Menjelang Galungan dan Kuningan, dapur rumahan di Bali biasanya menerima order dalam waktu sangat pendek. Permintaan naik cepat, sementara tenaga produksi dan distribusi tidak ikut bertambah.
Di titik ini, masalah paling sering bukan kurang order, tapi harga yang ditentukan terlalu cepat. Kalau biaya kemasan, tenaga tambahan, dan potensi susut tidak dihitung dari awal, order terlihat ramai tetapi laba bersih menipis.
Ringkasan cepat
Untuk momen Galungan-Kuningan, model yang paling aman adalah preorder dengan paket tetap.
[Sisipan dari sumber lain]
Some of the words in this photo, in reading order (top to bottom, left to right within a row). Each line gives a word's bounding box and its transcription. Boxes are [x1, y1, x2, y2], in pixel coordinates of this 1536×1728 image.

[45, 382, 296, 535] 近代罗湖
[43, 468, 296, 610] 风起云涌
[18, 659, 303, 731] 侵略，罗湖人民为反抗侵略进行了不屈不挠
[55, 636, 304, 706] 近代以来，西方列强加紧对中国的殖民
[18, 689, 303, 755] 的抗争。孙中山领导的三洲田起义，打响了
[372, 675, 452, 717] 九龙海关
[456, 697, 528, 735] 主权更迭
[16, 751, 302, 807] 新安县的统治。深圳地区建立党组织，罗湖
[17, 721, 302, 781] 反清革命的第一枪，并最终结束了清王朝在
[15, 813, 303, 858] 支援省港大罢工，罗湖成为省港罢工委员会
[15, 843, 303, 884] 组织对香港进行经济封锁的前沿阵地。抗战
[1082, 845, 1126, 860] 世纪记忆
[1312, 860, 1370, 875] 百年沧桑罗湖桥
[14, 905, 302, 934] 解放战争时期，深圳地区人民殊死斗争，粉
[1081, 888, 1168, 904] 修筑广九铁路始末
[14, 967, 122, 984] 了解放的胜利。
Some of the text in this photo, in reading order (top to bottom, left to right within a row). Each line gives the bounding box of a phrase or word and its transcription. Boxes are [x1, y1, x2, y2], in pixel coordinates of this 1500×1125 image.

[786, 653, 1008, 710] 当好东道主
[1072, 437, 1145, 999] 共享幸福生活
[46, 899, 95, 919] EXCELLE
Fokus ke dua hal: harga minimum yang jelas dan cut-off order yang disiplin.
Informasi jadwal hari libur nasional, libur fakultatif, dan cuti bersama 2026 sudah dipublikasikan Ditjen Bimas Hindu. Data ini bisa kamu pakai sebagai acuan awal saat menyusun timeline belanja, produksi, dan pengiriman.
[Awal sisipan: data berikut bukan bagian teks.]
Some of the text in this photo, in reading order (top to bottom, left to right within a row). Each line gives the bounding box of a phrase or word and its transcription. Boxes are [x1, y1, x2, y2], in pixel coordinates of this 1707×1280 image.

Titik bocor margin yang paling sering terjadi
Kebocoran pertama biasanya datang dari custom menu berlebihan. Satu paket minta lawar kuwir, paket lain minta lawar merah, paket lain tambah sate. Belanja jadi pecah, prep jadi lambat, susut naik.
Kebocoran kedua datang dari biaya kecil yang dianggap sepele: kemasan daun atau wadah food grade, stiker label, biaya transfer, dan ongkos kirim area jauh. Kalau item ini tidak masuk ke harga, margin habis di belakang layar.
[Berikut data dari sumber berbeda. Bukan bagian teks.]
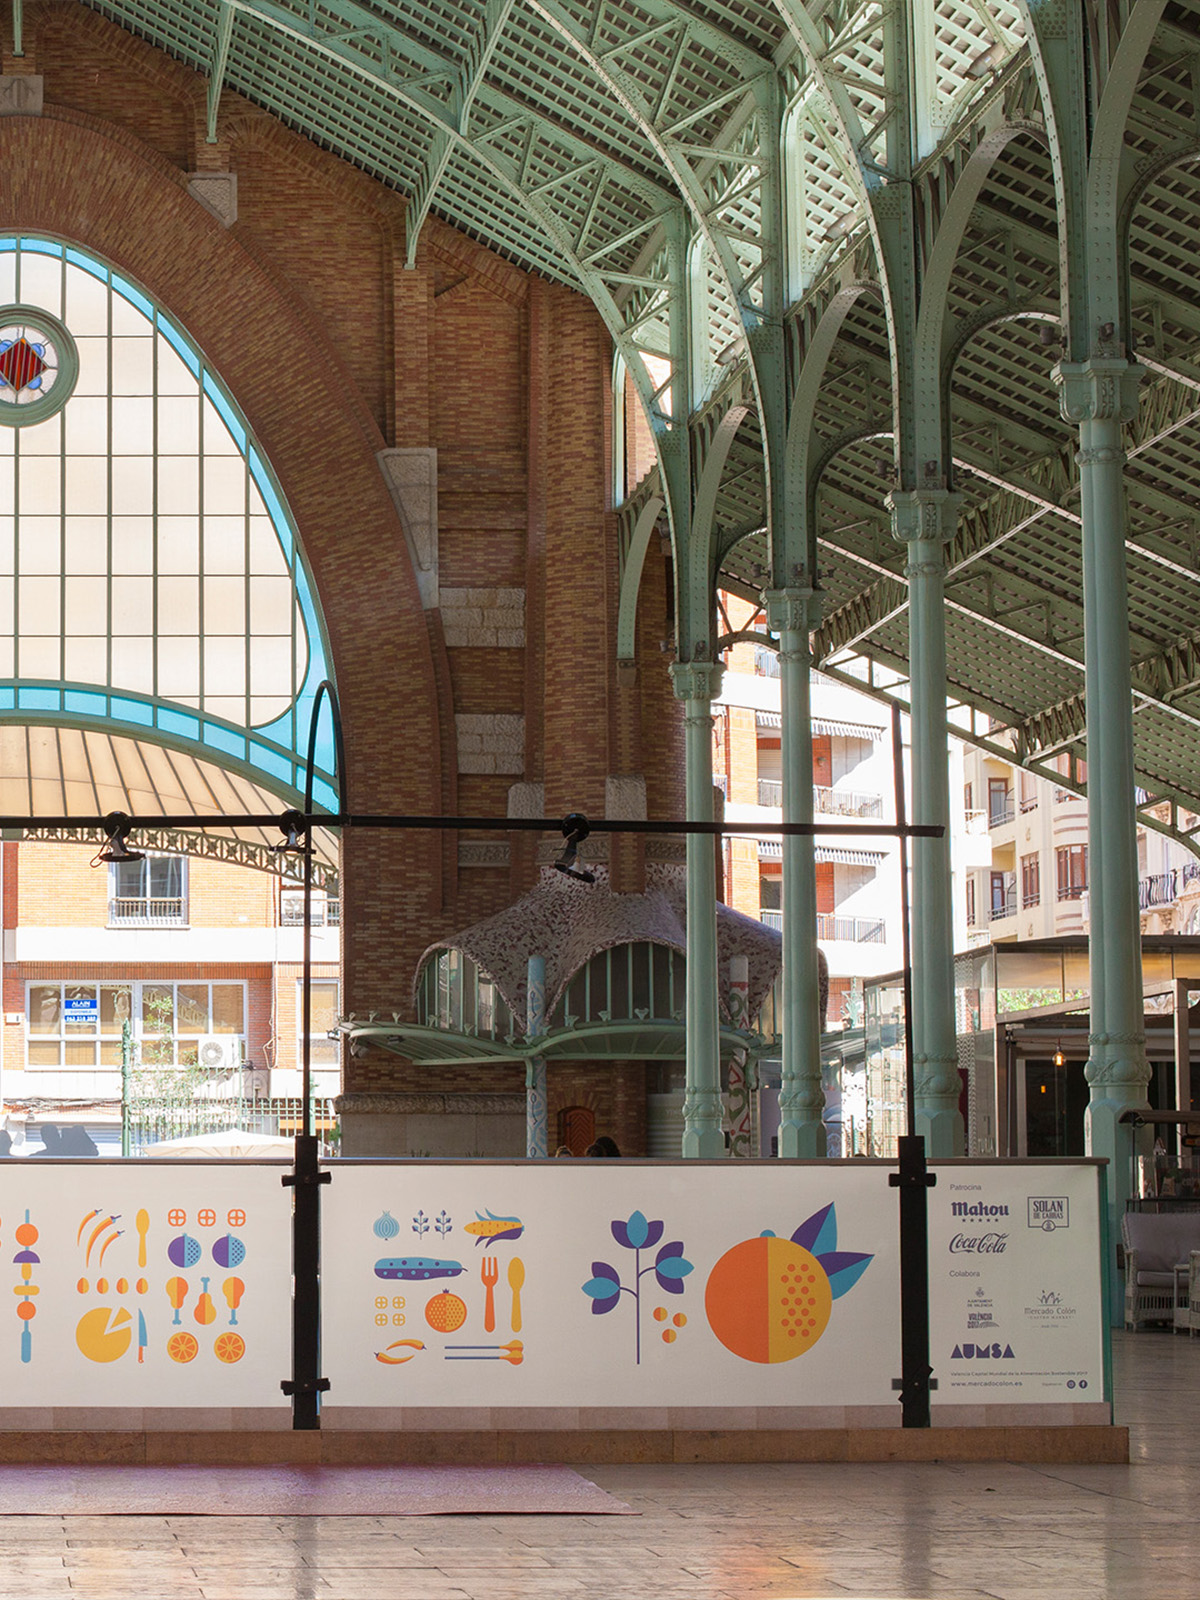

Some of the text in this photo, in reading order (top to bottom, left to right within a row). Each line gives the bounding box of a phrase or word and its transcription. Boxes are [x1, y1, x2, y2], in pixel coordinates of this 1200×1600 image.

[951, 1201, 1009, 1216] Mahou
[1033, 1200, 1063, 1212] SOLAN
[1057, 1307, 1076, 1315] Colón
[951, 1343, 1015, 1359] AUMSA
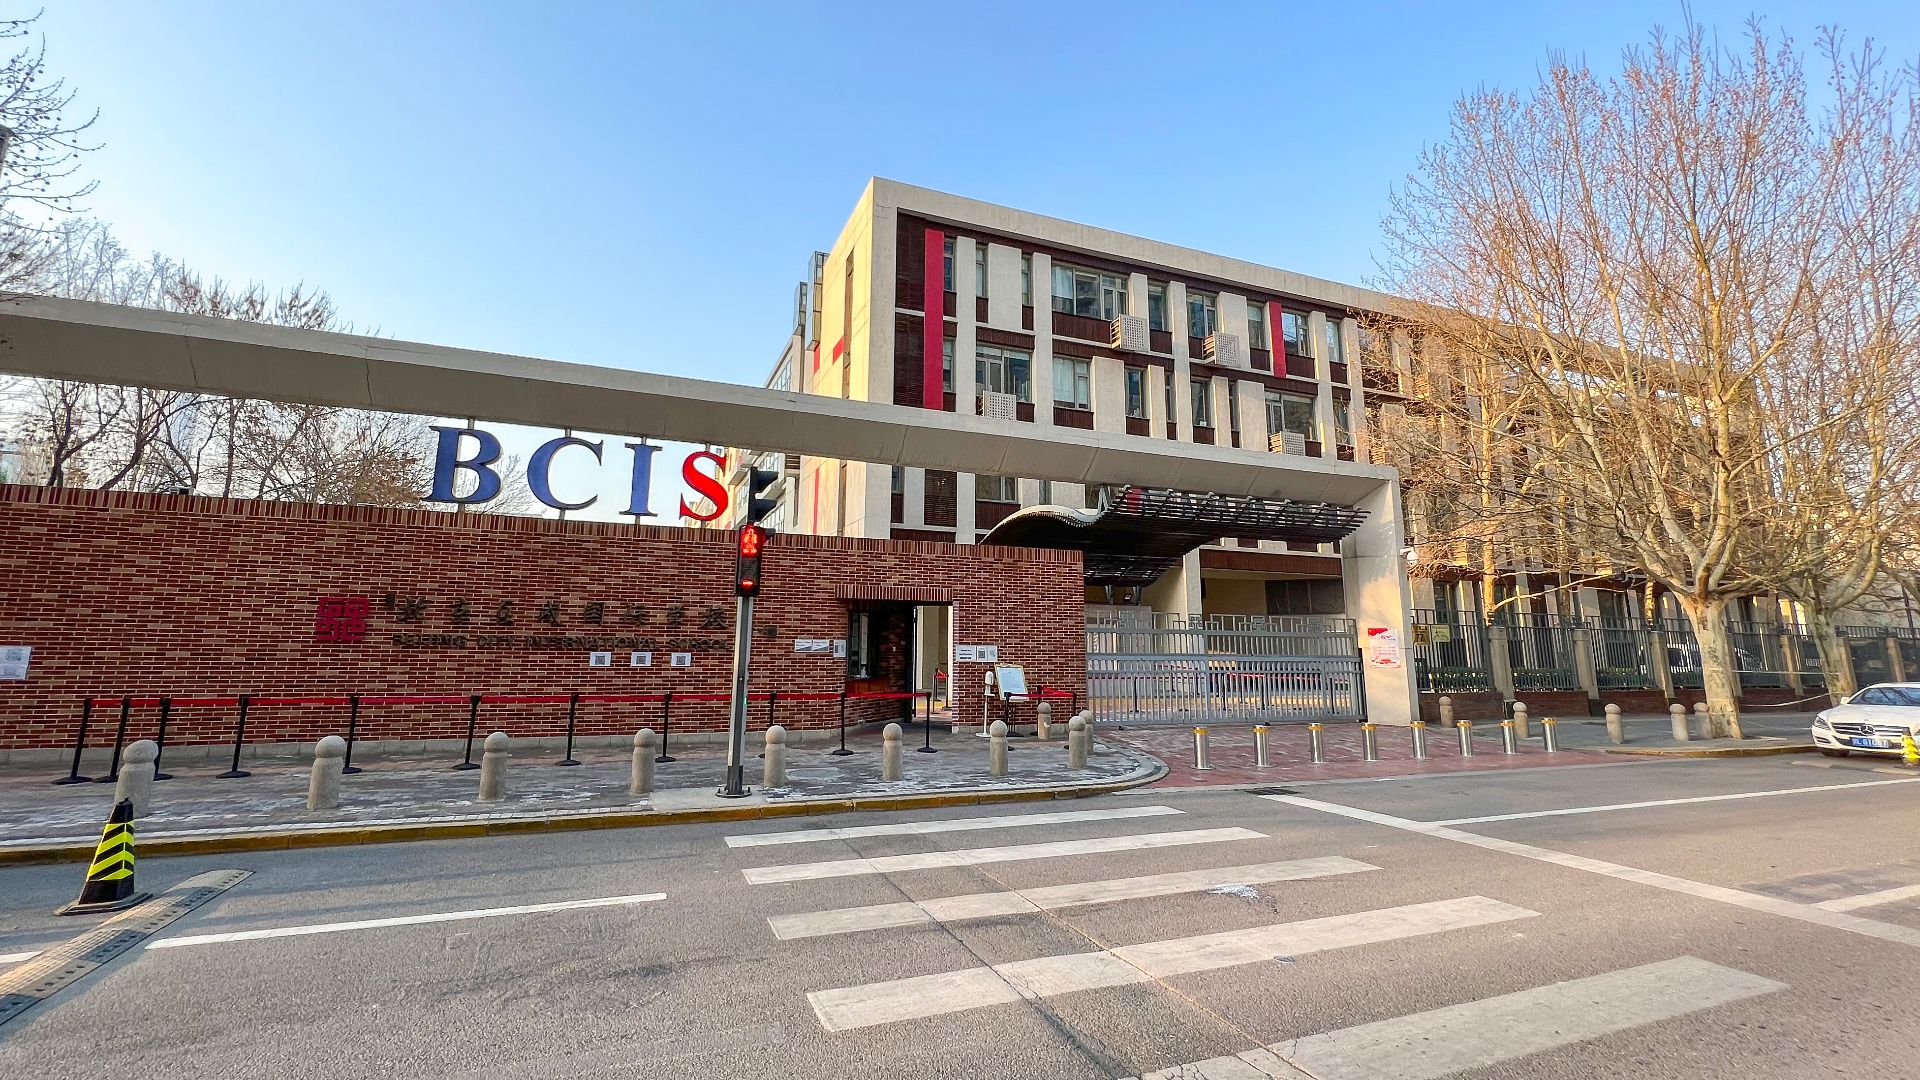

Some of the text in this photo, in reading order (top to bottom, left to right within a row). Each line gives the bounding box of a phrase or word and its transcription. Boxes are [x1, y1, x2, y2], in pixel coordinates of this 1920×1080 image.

[423, 425, 729, 521] BCIS
[392, 633, 729, 649] BEIJING CITY INTERNATIONAL SCHOOL
Rumus harga minimum paket Galungan-Kuningan
Gunakan rumus ini sebelum membuka preorder:
totalBiayaPaket = bahan + kemasan + tenaga + utilitas + distribusi + susut + biayaPembayaran
hargaJualMinimum = totalBiayaPaket / targetFoodCost
Untuk usaha kuliner kecil-menengah di Bali, target food cost 33%-36% umumnya lebih aman pada periode ramai.
Contoh hitung: paket keluarga 4 orang
Misalnya kamu menjual paket keluarga berisi lawar, sate lilit, tum ayam, sambal, dan nasi.
| Komponen | Biaya per paket |
|---|---|
| Bahan utama + bumbu base | Rp142.000 |
| Lauk pendamping + pelengkap | Rp43.000 |
| Kemasan + tas + label | Rp17.000 |
| Tenaga prep dan packing | Rp34.000 |
| Utilitas dapur | Rp8.000 |
| Distribusi lokal | Rp10.000 |
| Susut/buffer | Rp12.000 |
| Biaya pembayaran | Rp7.000 |
| Total biaya paket | Rp273.000 |
Jika target food cost kamu 34%, maka:
Rp273.000 ÷ 0,34 = Rp802.941
Artinya harga aman ada di kisaran Rp805.000-Rp845.000 per paket, tergantung radius kirim dan kompleksitas menu.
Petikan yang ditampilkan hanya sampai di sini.